The more intimately we think we know the Windsors’ stories, the more likeable they seem. Even The Crown’s creator, Peter Morgan, who has compared the monarchy to a mutating virus, changed his opinion on the institution after working on the show for two seasons: “I came at it as completely anti-monarchist and I’ve turned around utterly,” he admitted. “I’m a royalist now.”

Of all the royals depicted on The Crown, there’s no one more storied and studied than the Queen herself. When Claire Foy plays the young monarch in the first season, we watch her learn how her wants must forever take a backseat to the Crown. Through Olivia Colman, who plays the older, “settled sovereign,” we see she’s become rather accustomed to the dehumanizing dirty work of her duties, appearing much more detached and cold than Foy had been. And while we won’t see The Crown’s senior version of Elizabeth for awhile, Morgan’s 2006 film The Queen might give us an idea of what to expect.

Graced by an Oscar-winning Helen Mirren, her crimson lips in resting queen face, the film explores how the monarch came under fire upon Diana’s death. Instead of grieving privately as tradition would dictate, the public demanded the Queen mourn more openly. They didn’t want a pillar of strength or stoicism; they wanted to see that she too felt what they were feeling. What was once a necessary condition of the job had suddenly become an occupational hazard.

As she is one of the longest-reigning monarchs of all time, it’s worth considering how the Queen’s own reluctance to express her emotions publicly may have encouraged the monarchy’s continued reliance on distance. (It might’ve gone up in flames, but a Princess Margaret monarchy would never have been quite this muted.) To be sure, the Queen has had to fortify a steely exterior in order to navigate a male-dominated world. But considering the immense societal changes she’s lived through — her reign has seen 14 prime ministers so far — perhaps the public’s desired “ideal” from the monarchy has changed too.

“I really tried to adopt this British sensibility of a stiff upper lip,” Meghan said in her ITV interview. “I’ve tried; I’ve really tried. But I think that what that does internally is probably really damaging.”
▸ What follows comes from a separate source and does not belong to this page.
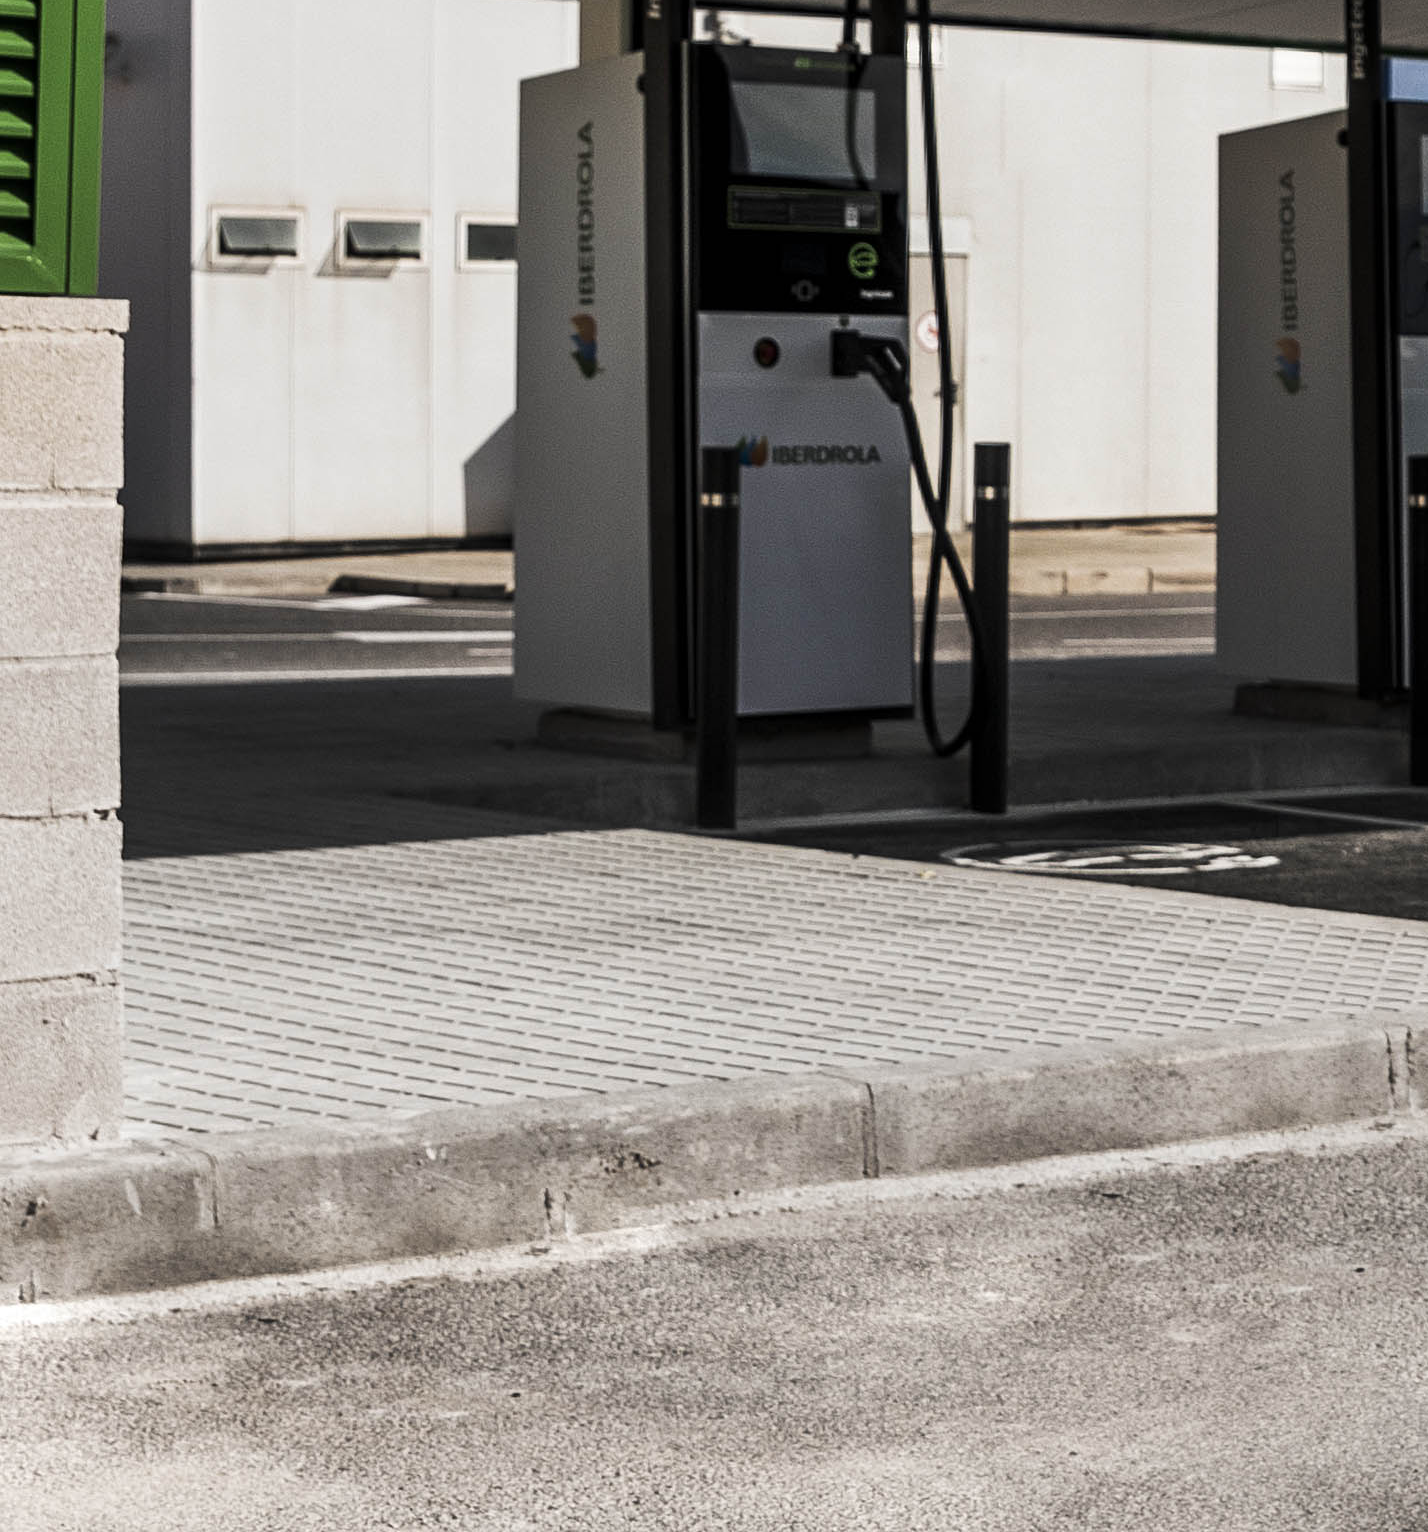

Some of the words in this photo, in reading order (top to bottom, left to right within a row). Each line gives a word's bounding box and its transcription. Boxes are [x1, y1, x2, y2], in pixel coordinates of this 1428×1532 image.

[577, 122, 594, 305] IBERDROLA
[1280, 169, 1297, 331] IBERDROLA
[772, 444, 881, 465] IBERDROLA
The English ideal of keeping a “stiff upper lip” is a recurring theme throughout The Crown. (In an episode on the Aberfan disaster, the impassive Queen is encouraged to turn on the waterworks for once because “this is Wales, not England.”) Especially before Diana’s death — an event that’s said to have ended “Britain’s stiff upper lip brigade” — emotions for the royals were deemed a liability. Detachment, meanwhile, upheld ideas of propriety, elegance, dignity, and discipline. It was seen as a strength.

This recent documentary about Harry and Meghan therefore feels like another significant shift in royal PR. It would be naive to assume this wasn’t a tactical move on the Sussexes’ part; the interviews were conducted on the couple’s recent South Africa tour, during which they filed a lawsuit against Associated Newspapers (now called DMG Media), the publisher of the Daily Mail and the Mail on Sunday. But Meghan’s interviews in particular have offered us a much more raw and revealing look at a member of the Monarchy than has typically been permitted in the past.
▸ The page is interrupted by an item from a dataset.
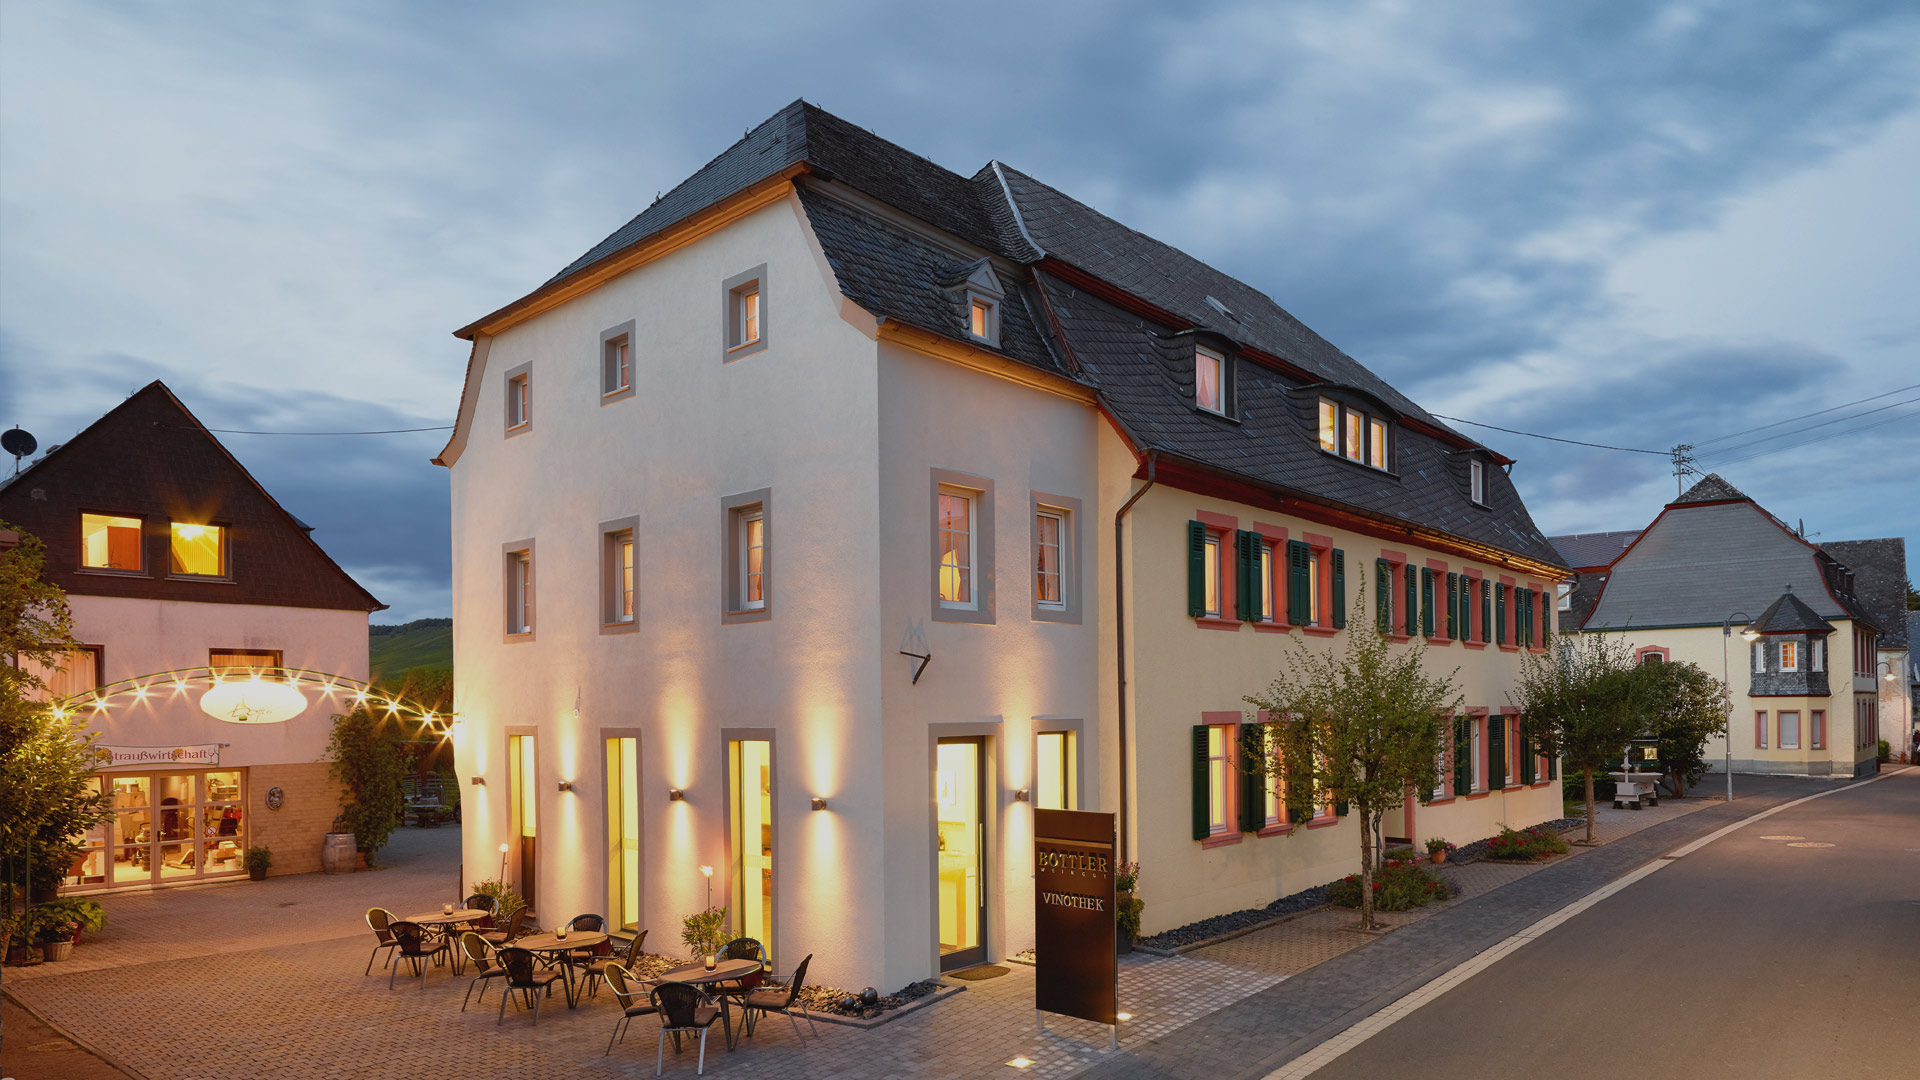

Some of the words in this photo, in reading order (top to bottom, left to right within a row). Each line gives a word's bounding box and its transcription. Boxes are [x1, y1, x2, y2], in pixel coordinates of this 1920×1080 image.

[105, 749, 207, 761] Straußwirtschaft
[1039, 851, 1108, 872] BOTTLER
[1042, 892, 1104, 912] VINOTHEK
The last time a royal family member interview this personal and publicized occurred was Princess Diana’s infamous 1995 tell-all with Martin Bashir. In the top-secret interview (Bashir and his camera operator came to Kensington Palace disguised as hi-fi salespeople), the princess spoke about infidelity in her marriage and also revealed her struggles with bulimia, postpartum depression, the palace, and relentless media attention. (A month after the bombshell interview, the Queen wrote to the Prince and Princess of Wales, urging them to divorce.)

It’s often said that the paparazzi ended Diana’s life, and it’s her son’s belief as well. (“I will not be bullied into playing a game that killed my mum,” the Duke of Sussex told ITV.) But it’s important to remember that it wasn’t just a car chase and out-of-control paparazzi that wreaked havoc on Diana’s inner world; she also struggled mentally and emotionally with the isolation imposed by the monarchy itself. And at least according to The Crown, we are led to believe this is a symptom that affects most, if not all, of the royals.

“You have so much pain inside yourself that you try and hurt yourself on the outside because you want help, but it’s the wrong help you’re asking for,” the princess told Bashir, confirming rumors she had self-harmed. “People see it as crying wolf or attention-seeking, and they think because you’re in the media all the time, you’ve got enough attention. But I was actually crying out because I wanted to get better in order to go forward and continue my duty and my role as wife, mother, Princess of Wales.”

“You see yourself as a good product that sits on a shelf and sells well,” Diana added. “And people make a lot of money out of you.”

Diana Princess of Wales and Prince Charles with newborn Prince Harry leave St Mary’s Hospital in Paddington, London, UK, 16th September 1984.

There are noteworthy differences between Diana’s experiences and what the Duchess of Sussex is currently going through. Diana was alone while at odds with both the palace and the press, whereas Meghan seems to have the support of her husband in her fight against the tabloids. And while Diana endured intrusive and aggressive media (and sometimes used the press as a tool herself), Meghan bears the brunt of much more antagonistic coverage, often veiled by dog whistles and coded, racist language.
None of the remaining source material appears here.